**Dataset content**
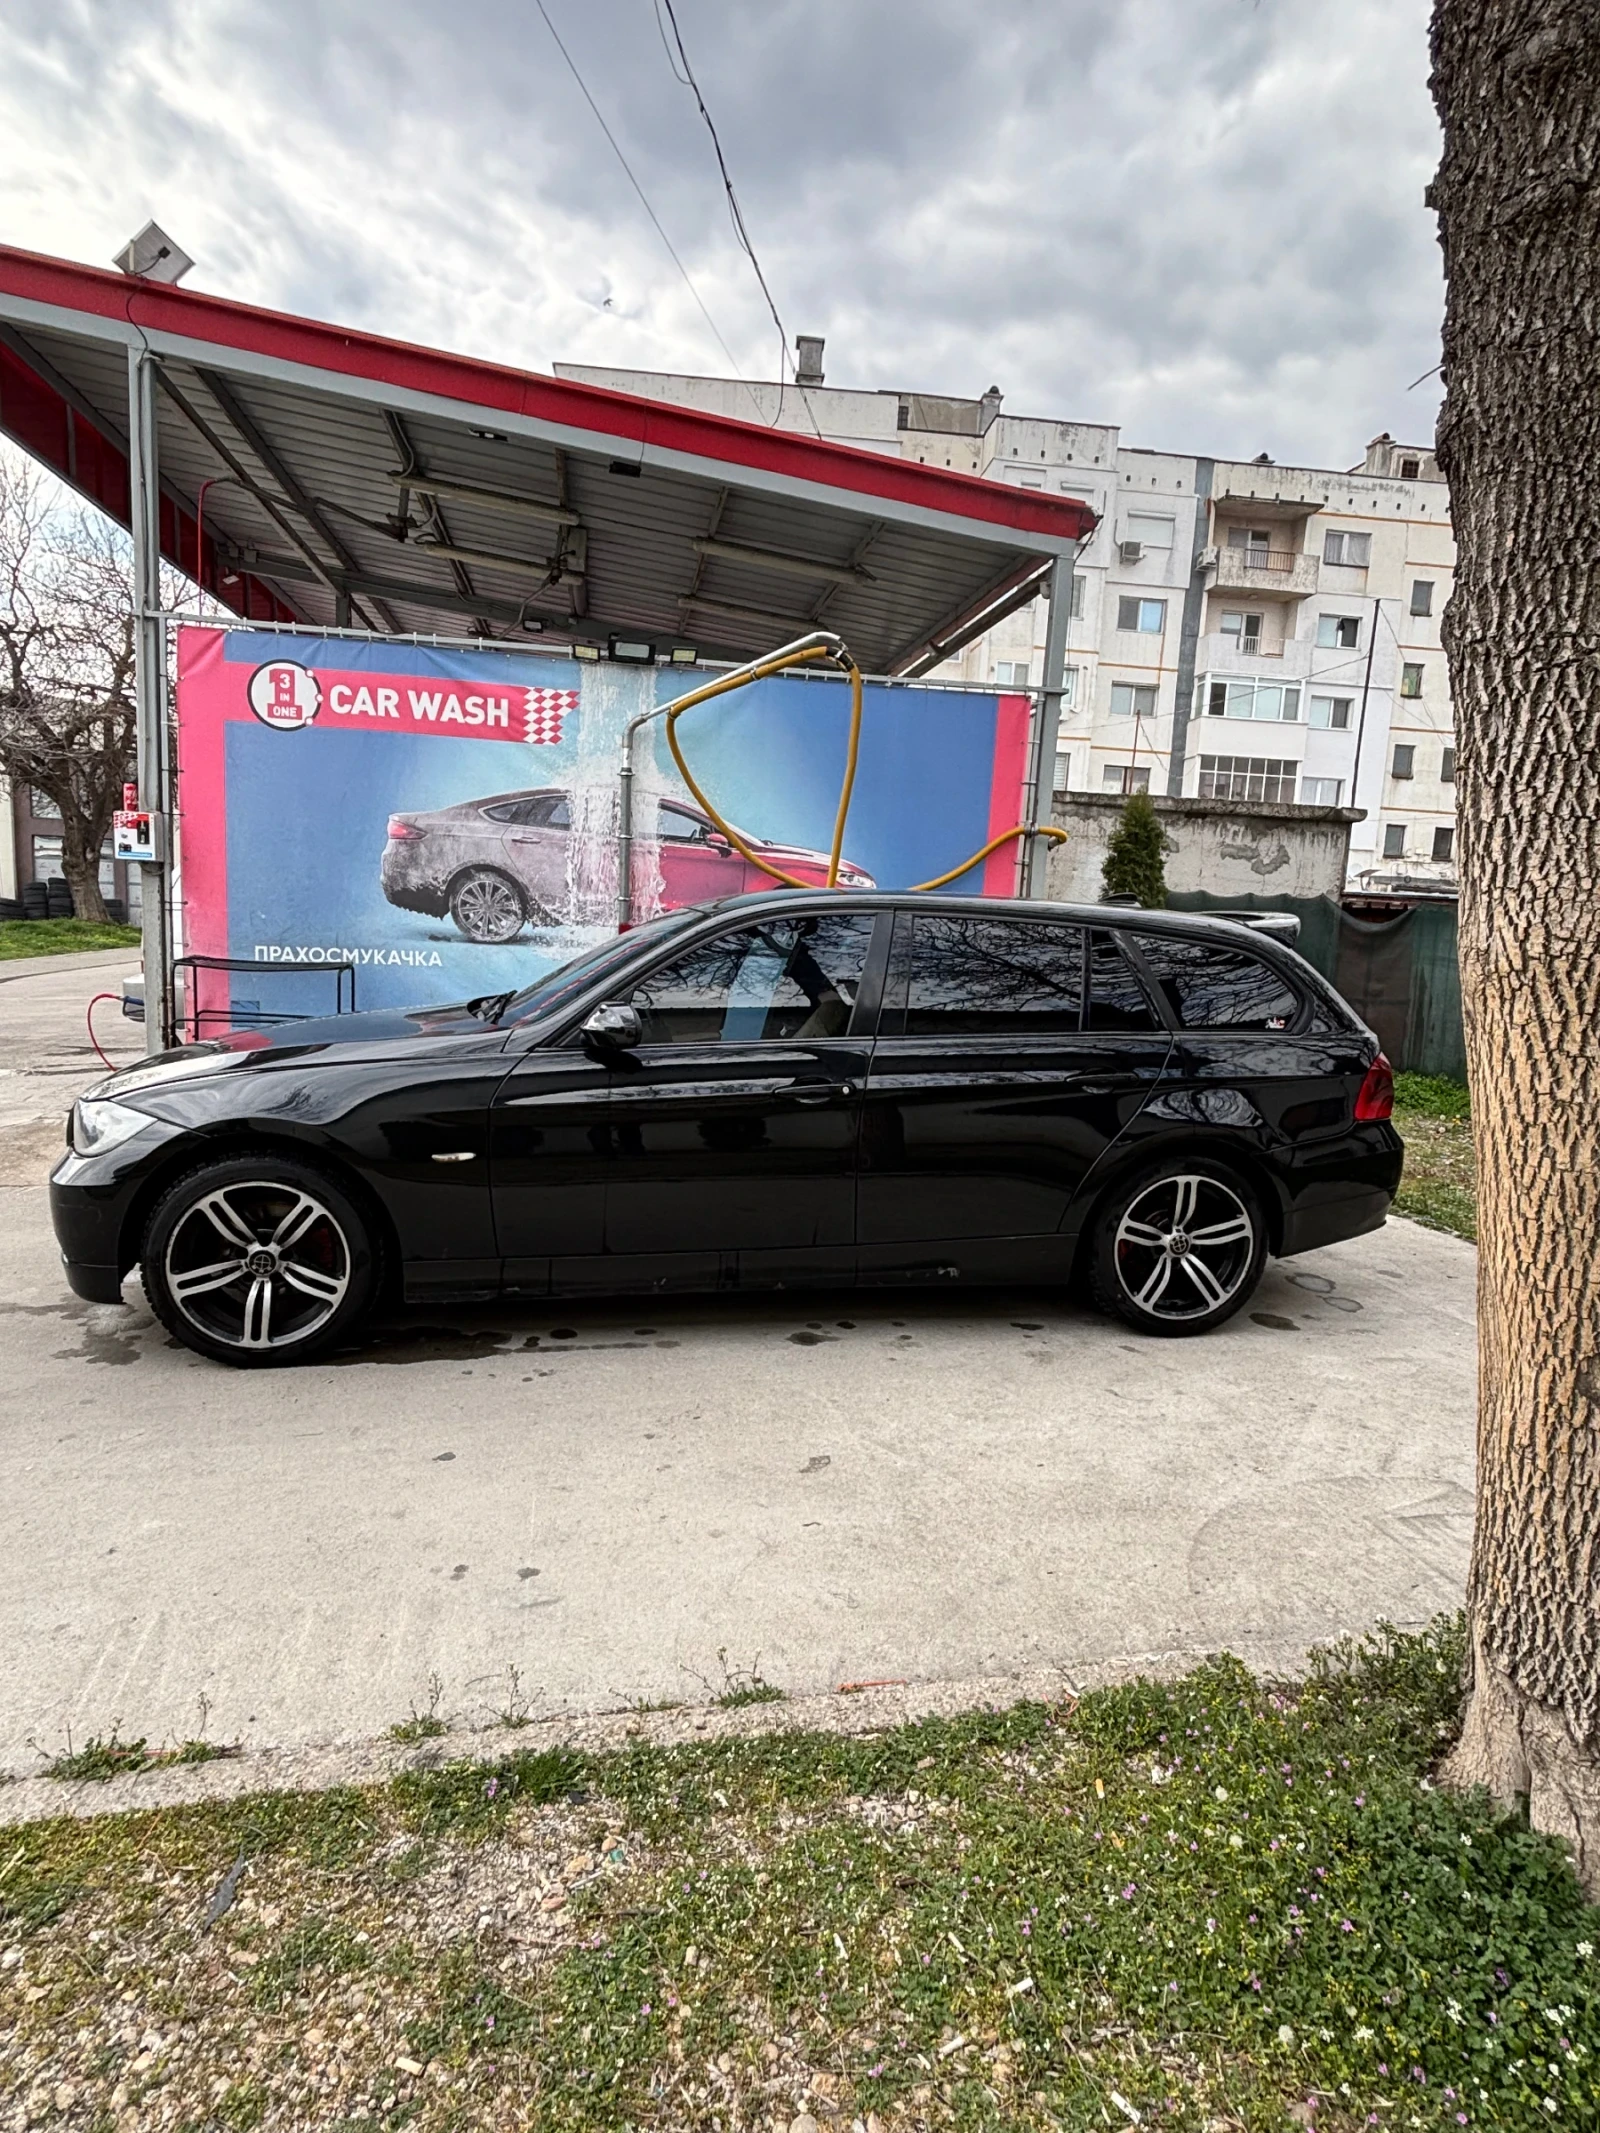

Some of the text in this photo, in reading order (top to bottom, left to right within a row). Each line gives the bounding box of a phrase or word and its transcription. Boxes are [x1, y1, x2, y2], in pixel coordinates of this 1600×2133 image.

[279, 673, 291, 689] 3
[279, 693, 290, 702] IN
[272, 705, 297, 718] ONE
[330, 684, 509, 728] CAR WASH
[254, 945, 443, 967] ПРАХОСМУКАЧКА

**What is required**
You are asked to reproduce each line above exactly, but to exclude the pictures.

**Answer to this task**
Some of the text in this photo, in reading order (top to bottom, left to right within a row). Each line gives the bounding box of a phrase or word and its transcription. Boxes are [x1, y1, x2, y2], in pixel coordinates of this 1600×2133 image.

[279, 673, 291, 689] 3
[279, 693, 290, 702] IN
[272, 705, 297, 718] ONE
[330, 684, 509, 728] CAR WASH
[254, 945, 443, 967] ПРАХОСМУКАЧКА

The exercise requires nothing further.